Self described as a New York Dry Gin, this company sets out to break a lot of other categories.
Notes: While most gin (especially here in the United States) is usually (In order of types) London Dry, New World, Old Tom or Genever, this company stakes out a new type. Self described as a New York Dry Gin, this company sets out to break a lot of other categories.
Pot distilled vodka is made from orange blossom honey from Florida and Berkshires aquifer water (real water – not some stripped out reverse osmosis or otherwise tasteless, boring, fear of taste and processed to death water). Using honey is an expensive and difficult proposition for distilling first you have to dilute the honey down so it will ferment into a wine or mead,then distill.
They use this already excellent honey vodka as a base and then use a blend of the usual suspects of juniper and coriander, and a 7 of other botanicals-along with 7 other (Hence the name Comb 9) including the relative exotics rose, lavender and galangal root.

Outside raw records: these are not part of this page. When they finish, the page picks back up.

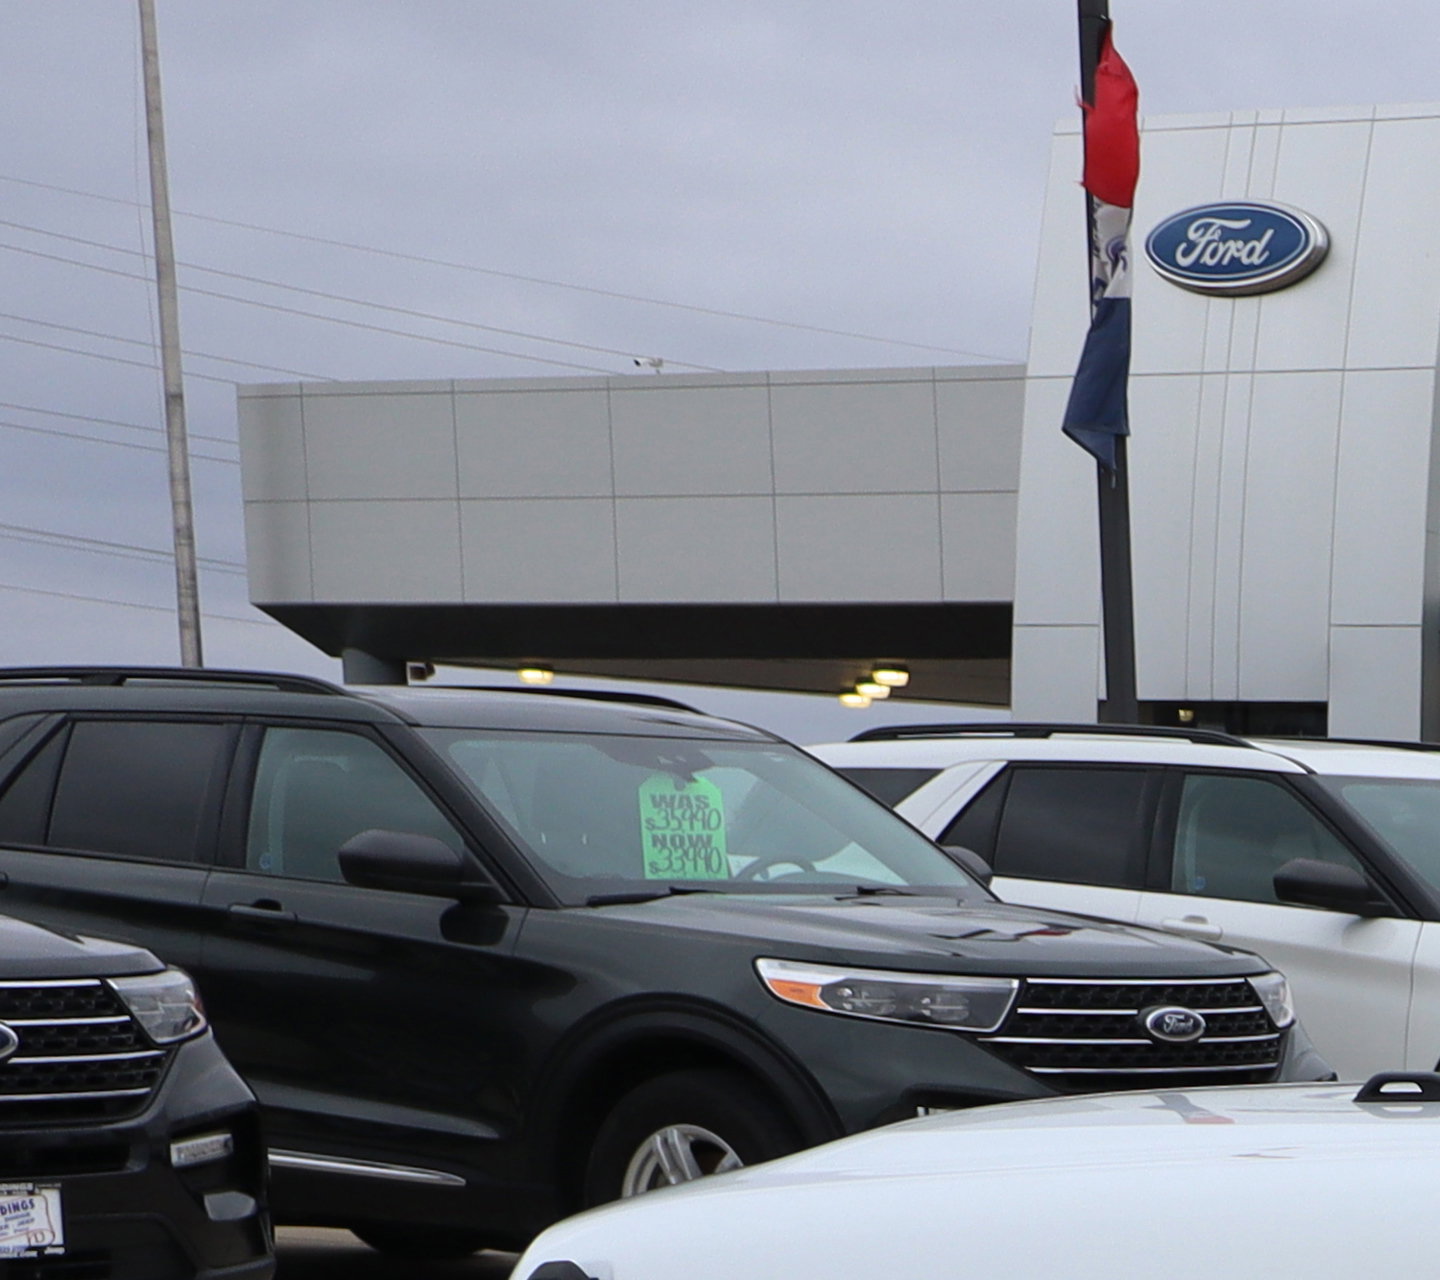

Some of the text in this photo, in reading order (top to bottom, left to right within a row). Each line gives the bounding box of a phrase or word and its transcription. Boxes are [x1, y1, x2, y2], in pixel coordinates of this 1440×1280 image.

[1175, 217, 1275, 267] Ford
[650, 795, 710, 809] WAS
[651, 834, 712, 848] NOW
[0, 1198, 35, 1215] DINGS
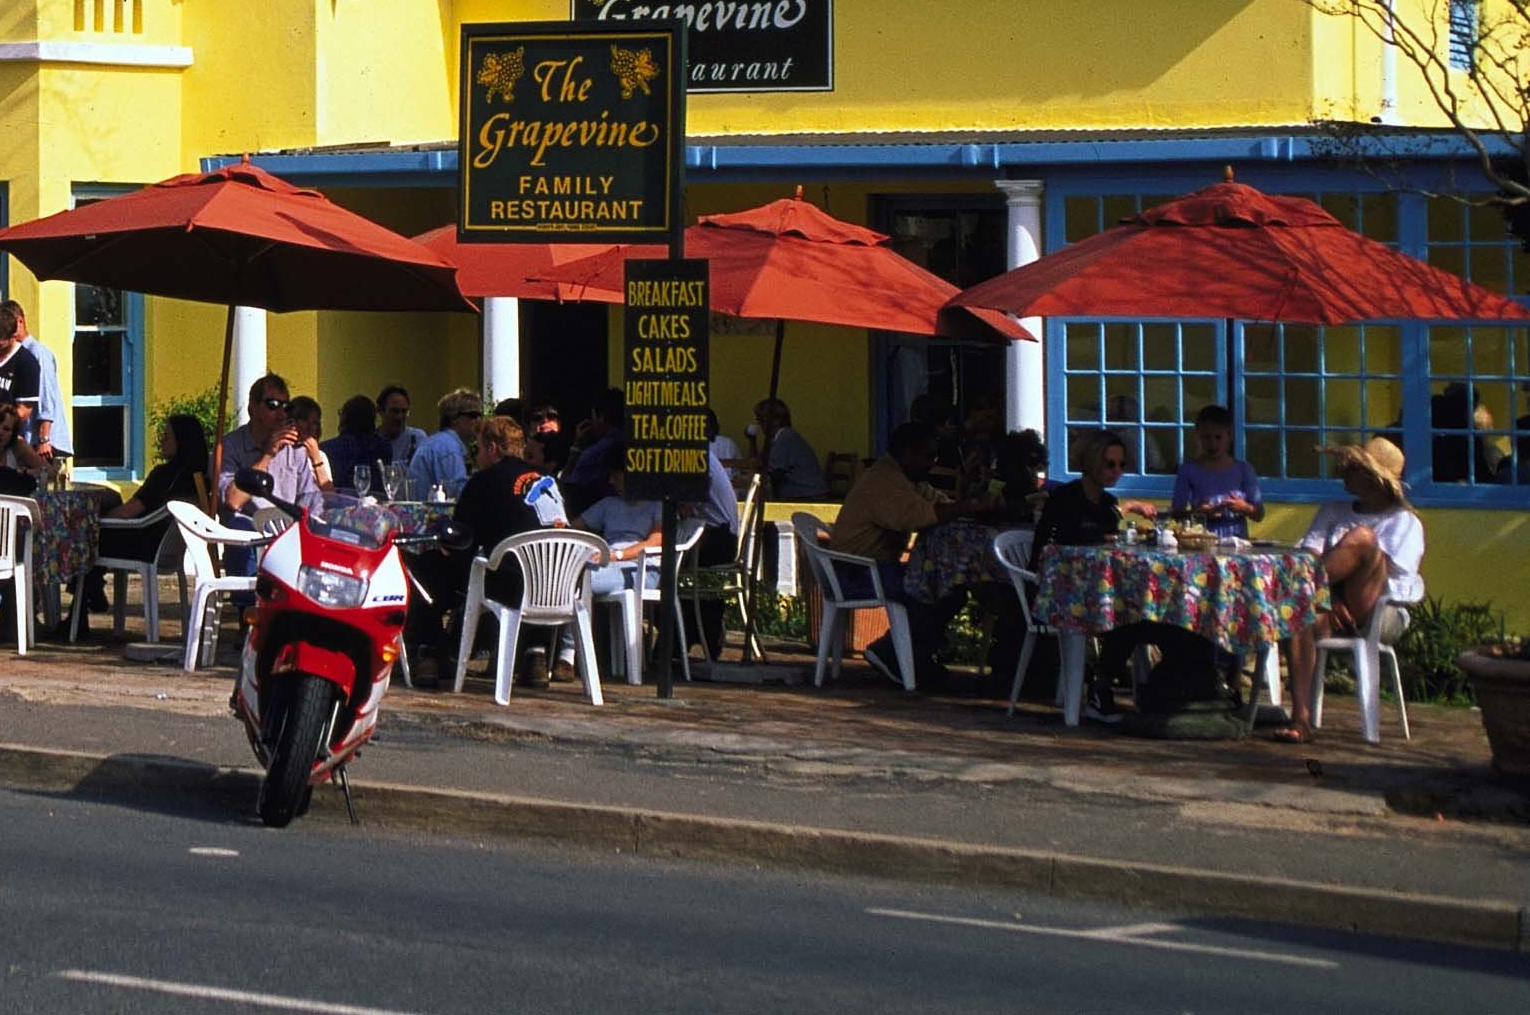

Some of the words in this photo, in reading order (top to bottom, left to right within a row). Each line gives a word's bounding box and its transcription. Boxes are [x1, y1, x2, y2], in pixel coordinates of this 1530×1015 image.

Appearance: Crystal clear, no sediment whatsoever. On swirling, it leaves a thin clear coat on the inside of the glass with crenellated edge line (meniscus) then quickly dissolves to droplets. Wonderful bright appearance.
First Impression: Almost pendulous orange honey presence, flowers and a herbal , rooty background with a juniper presence but in the background rather than foreground. Not sweet but complex and integrated bouquet that is intriguing and promising.
Taste: The lovely honey floral body that carries over from their base spirit and forms a harmonious backbone from which the herbal macerations blend seamlessly. Warming end, but no burn.
Drinks: We tried the gin in martinis, gin and tonics and a few more. It is wonderful as a martini with a twist of lemon with a interesting intensely herbal flavor with the vermouth. With other drinks the gin almost transforms in that the more floral elements come to the fore, in others the galangal combines with other elements to give it a more herbal spin. Also bear in mind you have a more traditional proof ((almost Navy Strength ) gin so you get better mixing qualities due to the higher proof- you can also use less gin if you are shooting for a specific strength in the drink. One of the few gins produced above 80 proof anymore and a stand out to boot ! Quite versatile and a delight to work with in mixology.
Bottle: Brilliantly clear glass, tall cylindrical bottle with a sharp shoulder and no frosting on the glass (a refreshing change). Simple but interesting graphics (honeycomb design) are silk screened directly onto the bottle. Lettering is reminiscent of plate engraving of the type one sees on currency or bonds, nice touch. Decent synthetic cork is a good tight fit without being a challenge to open.
Final Thoughts: Well made with good, distinctive flavors and mouthfeel along with being deadly smooth. The only gin we know of made from honey or one that even uses honey in their gin – never mind using it as a base. Making a gin made from one of the most expensive base materials around (maple syrup in Vermont Gold being a close second) is a expensive, tricky and rather labor intensive undertaking for which they are to be commended! Considering all the expense of using honey as they are they deliver deliver an excellent gin for the money.